Saturday, December 3, 2022

Gun rights speaker ignites protest on The Green

NewsCampus NewsGun rights speaker ignites protest on The Green

Black Lives Matter
KIRK SMITH/THE REVIEW
Students engaged in a silent Black Lives Matter protest outside Mitchell Hall.

BY , SENIOR REPORTER
AND , SENIOR REPORTER

Hands folded and legs crossed on a gray couch, acting president Nancy Targett smiled as her eyes surveyed a back room at the Center for Black Culture, surrounded by student activists.

“That was really powerful, that was just so powerful,” she said, referring to the emotionally charged #BlackLivesMatter protest that took place Monday night outside Mitchell Hall.
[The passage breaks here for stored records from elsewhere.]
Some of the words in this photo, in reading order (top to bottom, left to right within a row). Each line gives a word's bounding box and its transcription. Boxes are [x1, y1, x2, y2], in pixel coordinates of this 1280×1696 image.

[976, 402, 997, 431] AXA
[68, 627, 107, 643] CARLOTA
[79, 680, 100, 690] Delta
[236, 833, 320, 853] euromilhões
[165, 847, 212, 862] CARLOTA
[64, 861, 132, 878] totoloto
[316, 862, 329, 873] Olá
Moments before, the small group of student leaders were joined by fellow classmates at the steps of the historic building to voice their opposition to keynote speaker Katie Pavlich, who was asked to speak by the registered student organization, Students for the Second Amendment.

Pavlich, a New York Times Bestseller and frequent commentator for Fox News, is a growing presence among modern conservatives. She has drawn national attention for her commentary on major social issues like rape and sexual assault on college campuses, as well as harsh criticism of the Black Lives Matter movement.
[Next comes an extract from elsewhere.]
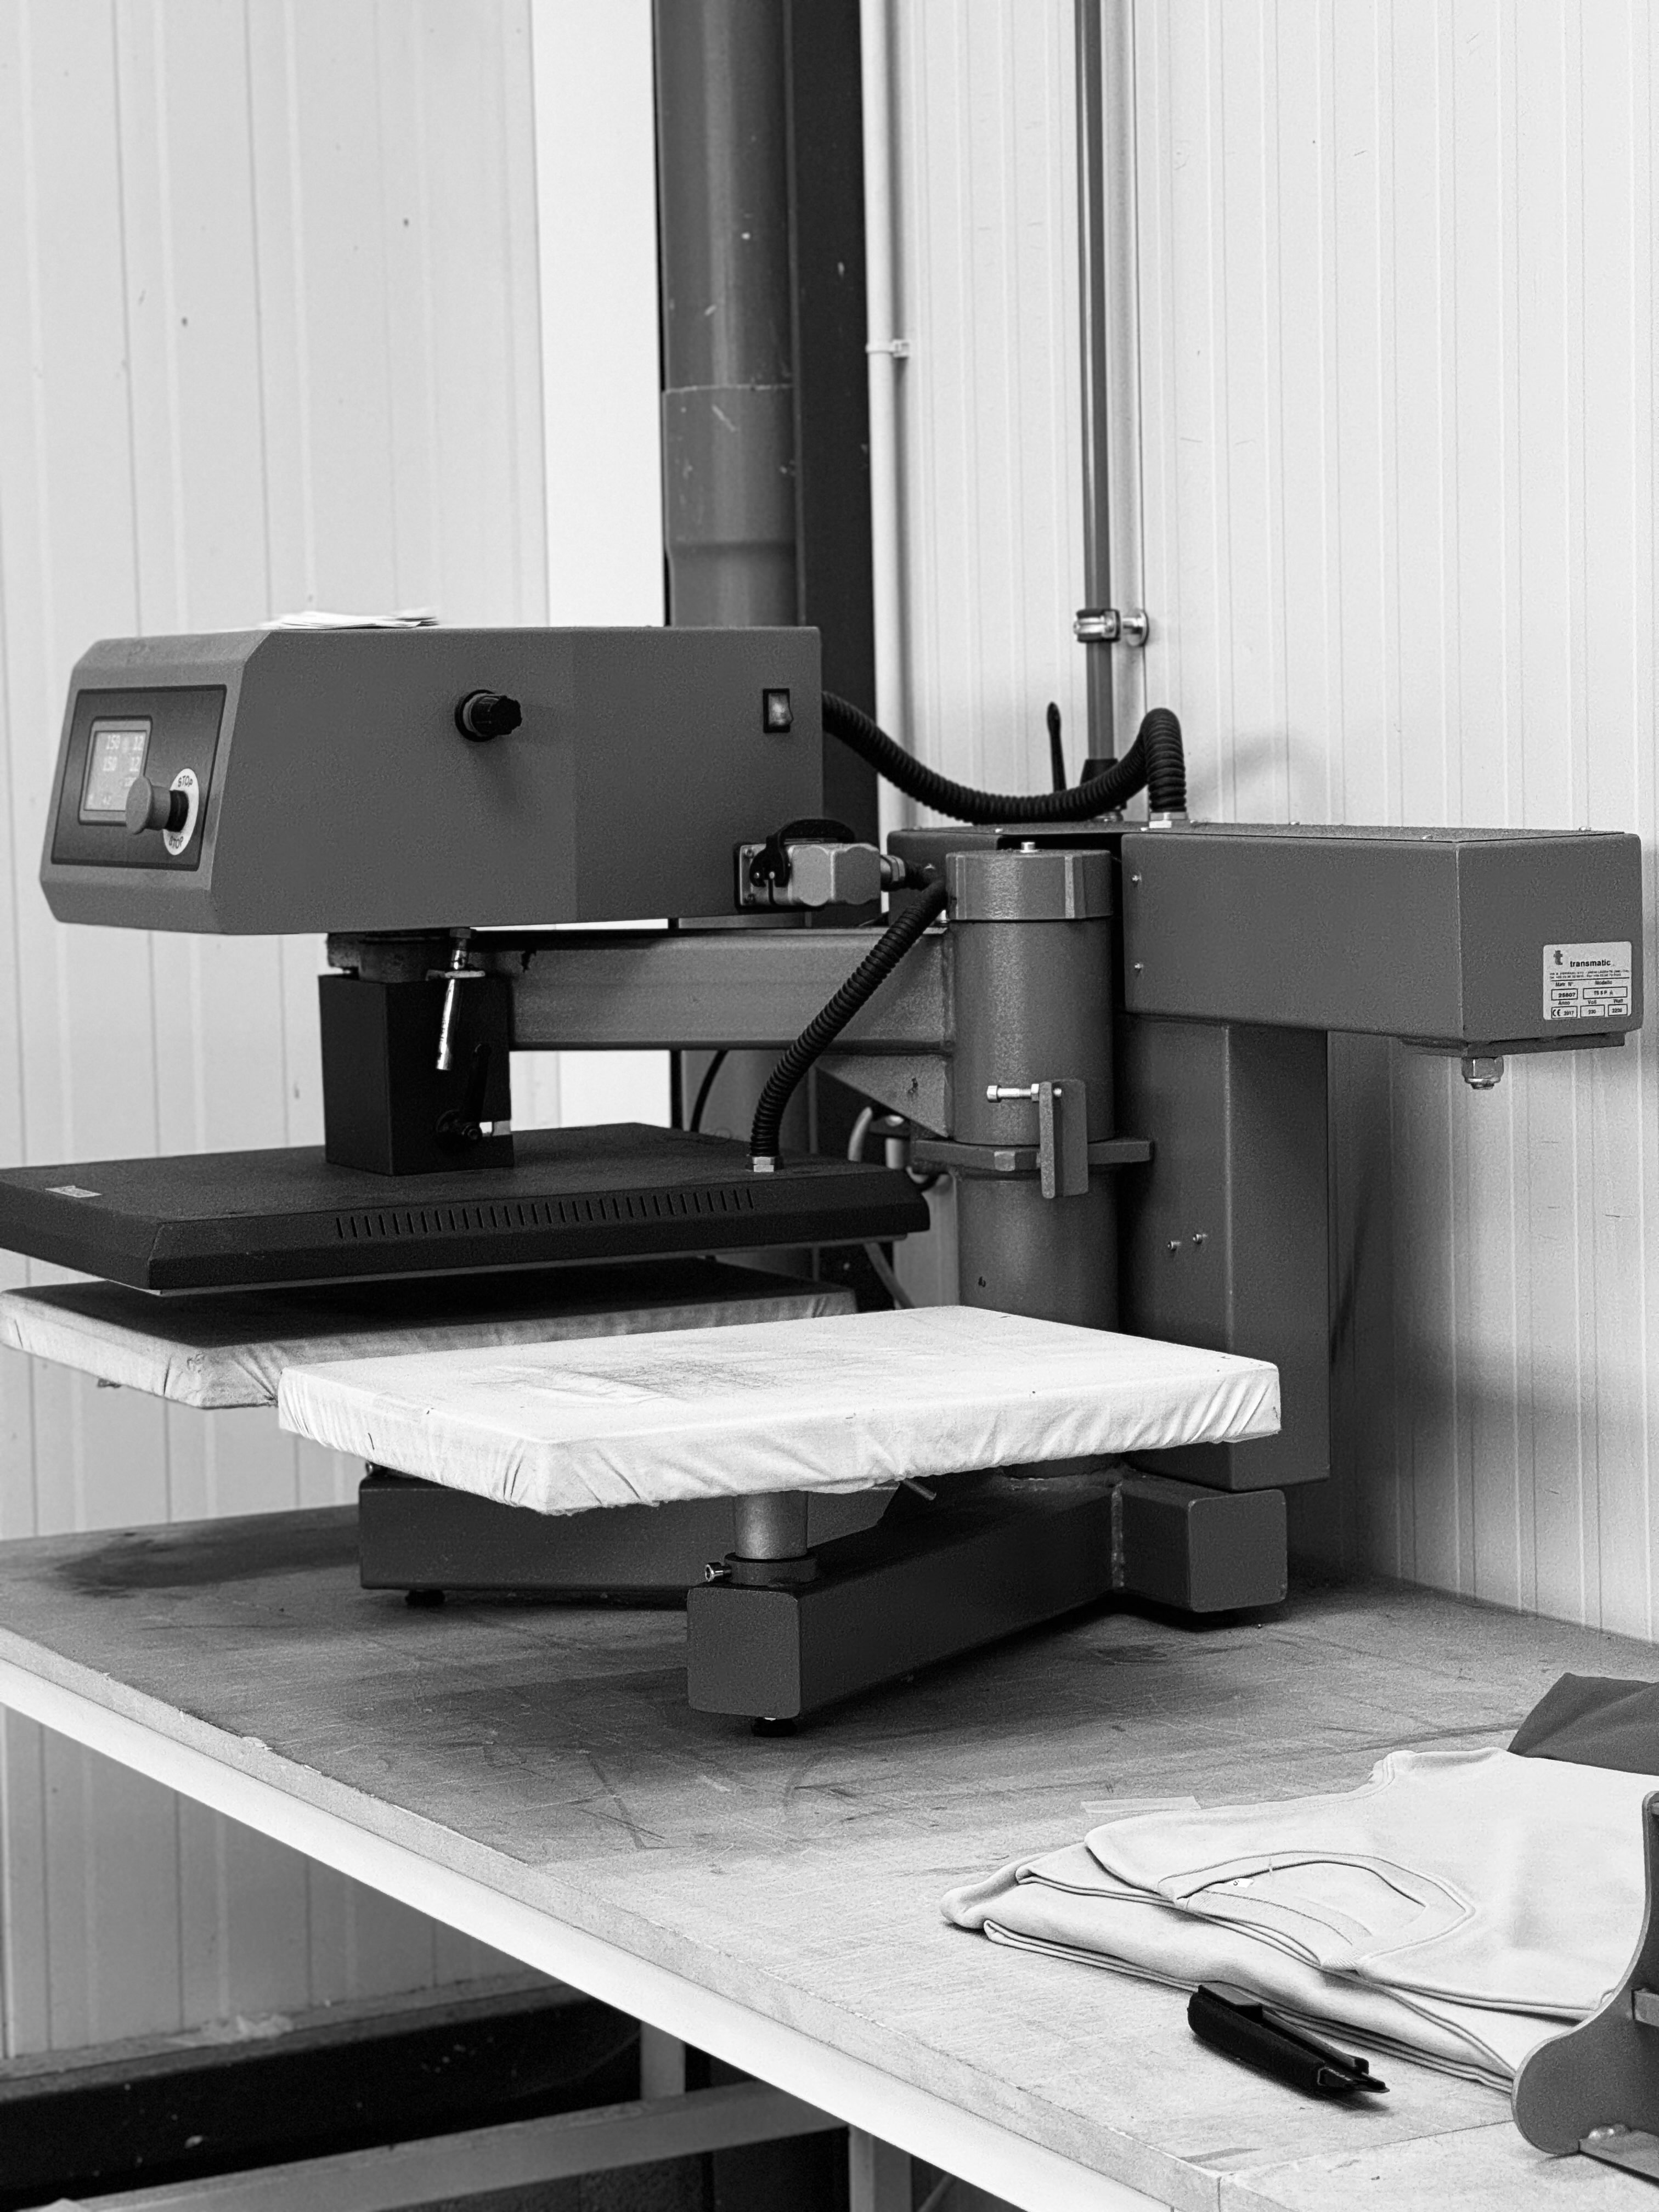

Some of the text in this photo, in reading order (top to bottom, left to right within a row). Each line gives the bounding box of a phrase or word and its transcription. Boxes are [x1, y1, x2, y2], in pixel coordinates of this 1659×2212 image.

[178, 775, 193, 787] STOP
[168, 836, 184, 849] STOP
[1570, 959, 1611, 967] transmatic
Late Sunday night, a core group of student activists who held demonstrations last year met once more in Trabant University Center and prepared for the protest by creating signs and alerting the campus community—taking full advantage of social media to spread their message.

“We really felt it important to redefine our mission,” senior political science major Georgina Class-Peters said. “Once we as a leadership team have that together, we can then go to our community and be like, ‘this is why it’s important for you not to be violent and not to be disrespectful.’”
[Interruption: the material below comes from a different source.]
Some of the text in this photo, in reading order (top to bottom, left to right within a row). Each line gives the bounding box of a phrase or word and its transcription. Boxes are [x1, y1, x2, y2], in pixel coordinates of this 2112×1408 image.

Jeremy Mathis, a senior studying criminal justice and women and gender studies, was one of the students involved in planning the protest. He said the goal of the protests was to show that students at the university will not stand for bigotry or intolerance.

“We’re going to sit in the front, be there and let her know that the University of Delaware is not a place where this sort of thing is welcome,” Mathis said.

Black Lives Matter
KIRK SMITH/THE REVIEW
A core group of student activists organized the protest in response to Pavlich’s campus visit.

Provost Domenico Grasso attended the protest and speech and said the manner in which the protesters have rallied around their cause is something to be proud of.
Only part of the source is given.